LIMITED EXPOSURE OF CANCER CELL LINE HEPG2 TO MITOCHONDRIAL RESPIRATORY COMPLEX I INHIBITOR ROTENONE ENHANCES GLUTAMINE DEPRIVED CELL DEATH

Cancer cells display enhanced utilisation of nutrients such as D-glucose (Glu) and L-glutamine (Q) for their growth. This high dependence of cancerous cells on nutrients has been widely utilised for developing anticancer strategies in different in vitro and in vivo models. In this study, we explored use of combination of low-dose mitochondrial complex I inhibitor, rotenone and extracellular glutamine deprivation as an antitumor approach in HepG2, an in vitro cellular model for studying human hepatocellular cancer. We found that exposure of HepG2 cells to low-dose of rotenone or to glutamine deprivation alone for 24 h resulted in non significant and less significant reduction in cell viability respectively.
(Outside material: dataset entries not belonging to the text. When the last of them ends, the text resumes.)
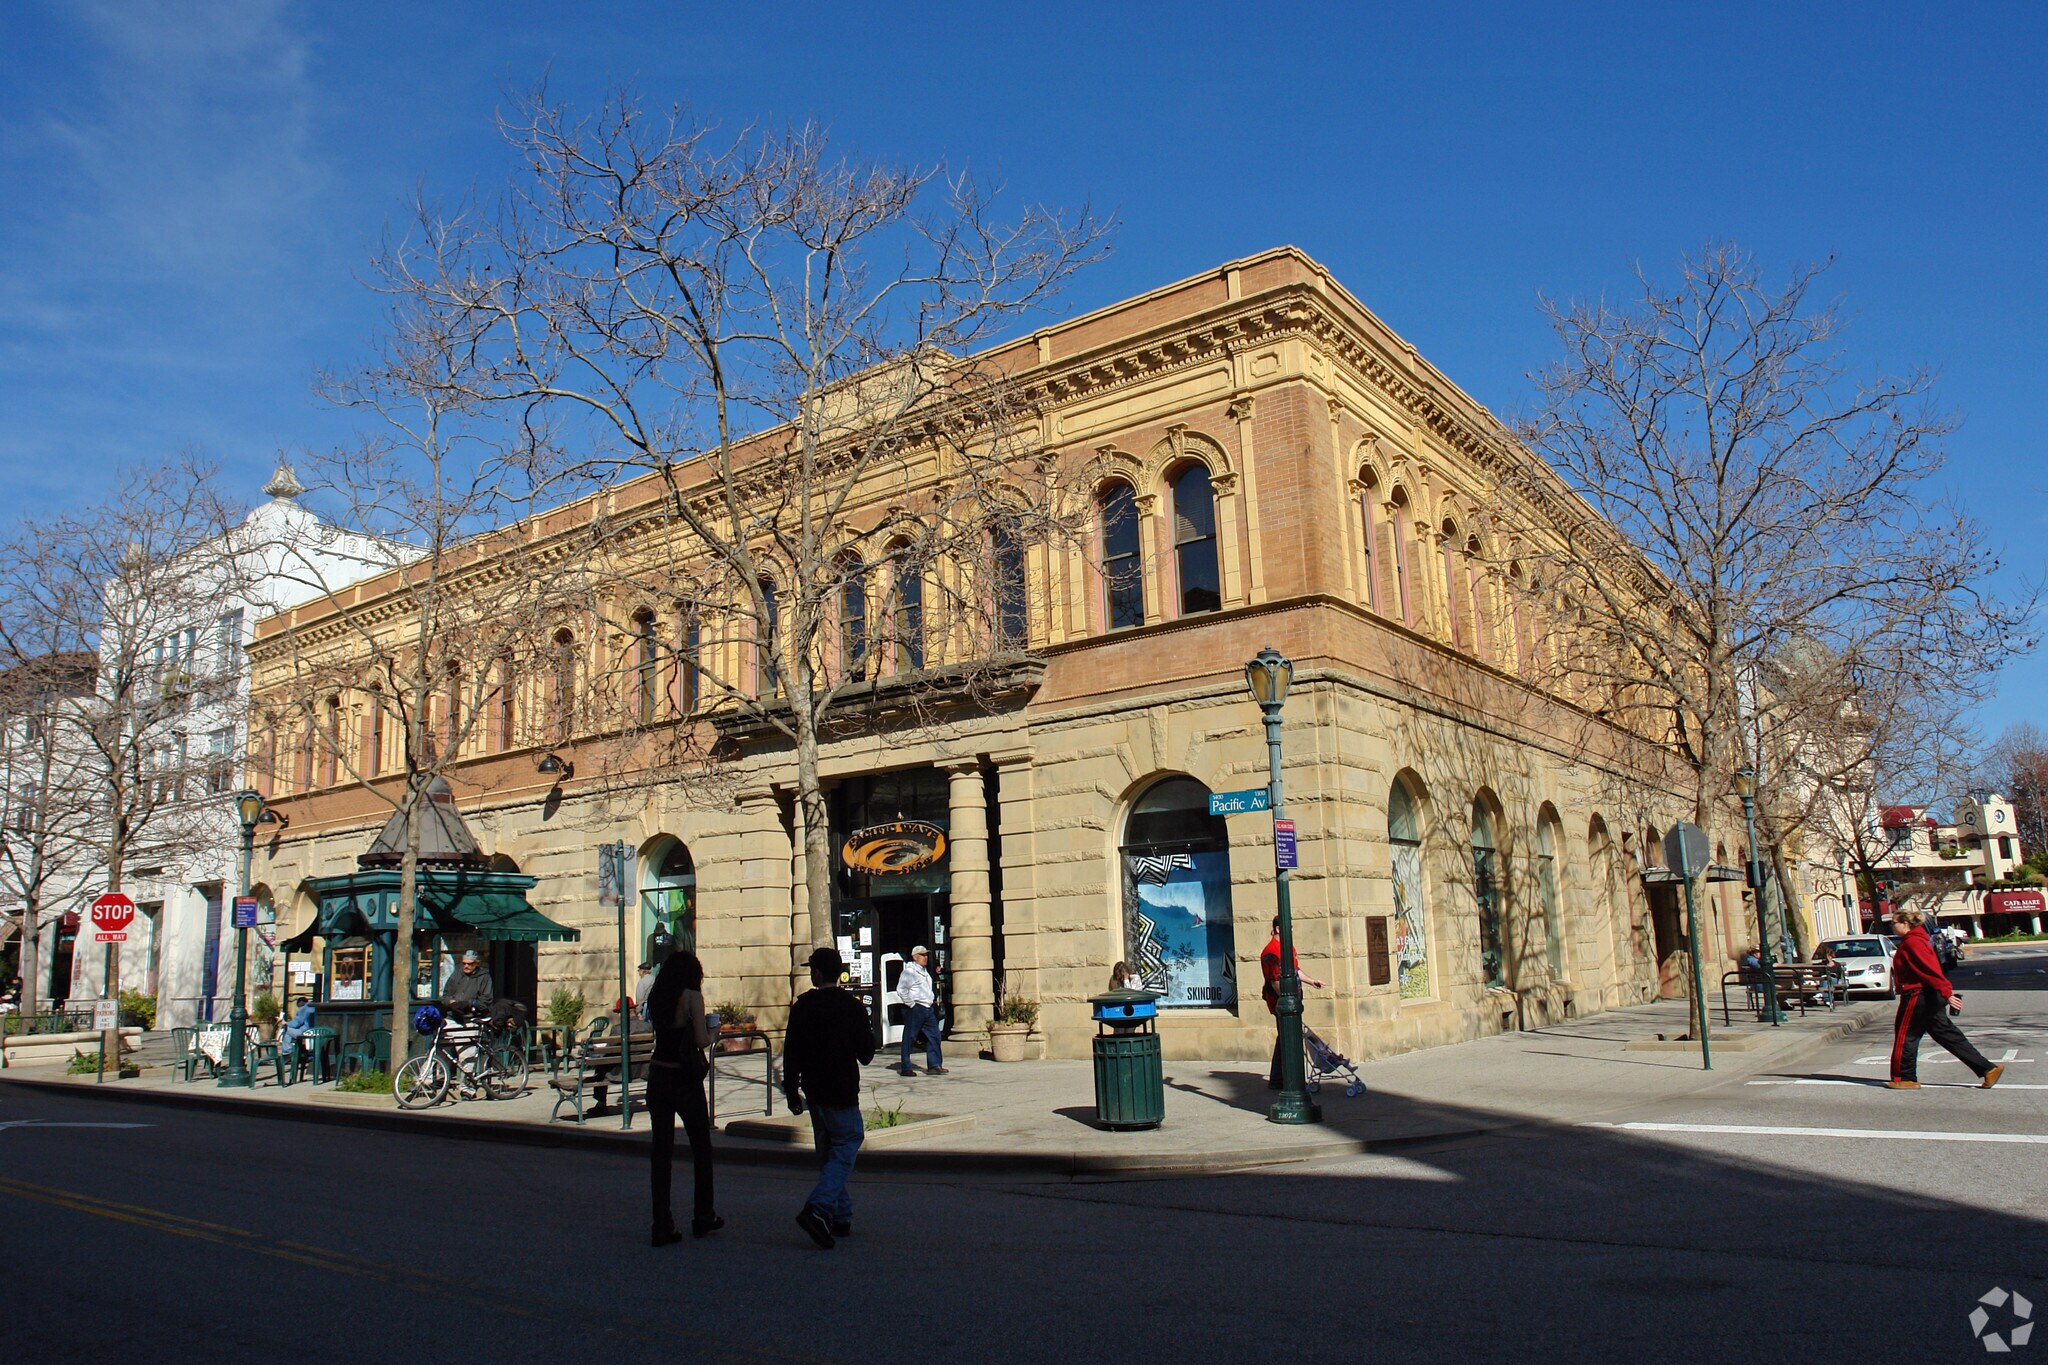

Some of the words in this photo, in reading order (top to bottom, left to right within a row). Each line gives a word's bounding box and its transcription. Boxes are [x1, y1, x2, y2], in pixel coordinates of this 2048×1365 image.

[1212, 798, 1245, 812] Pacific
[1250, 797, 1266, 809] Av
[849, 824, 897, 847] PACIFIC
[900, 823, 938, 839] WAVE
[853, 862, 882, 876] SURF
[901, 855, 934, 873] SNOW
[93, 905, 133, 920] STOP
[1187, 986, 1222, 1001] SKINDOG
However, highly significant reduction in cell proliferation was observed on their combined treatment for 24 h as detected by MTT assay and morphological examination. Further investigation revealed involvement of generation of oxidative stress condition due to excess production of reactive oxygen species (ROS) and mitochondrial dysfunction as a result of mitochondrial membrane potential (Δѱm ) loss, in inhibitory proliferation due to this combined treatment as confirmed by fluorescent probes based flow cytometric assays. This study thus gives an insight into a new combinatorial strategy to better control growth of human hepatocellular carcinoma in vitro by utilising their dependency on extracellular glutamine.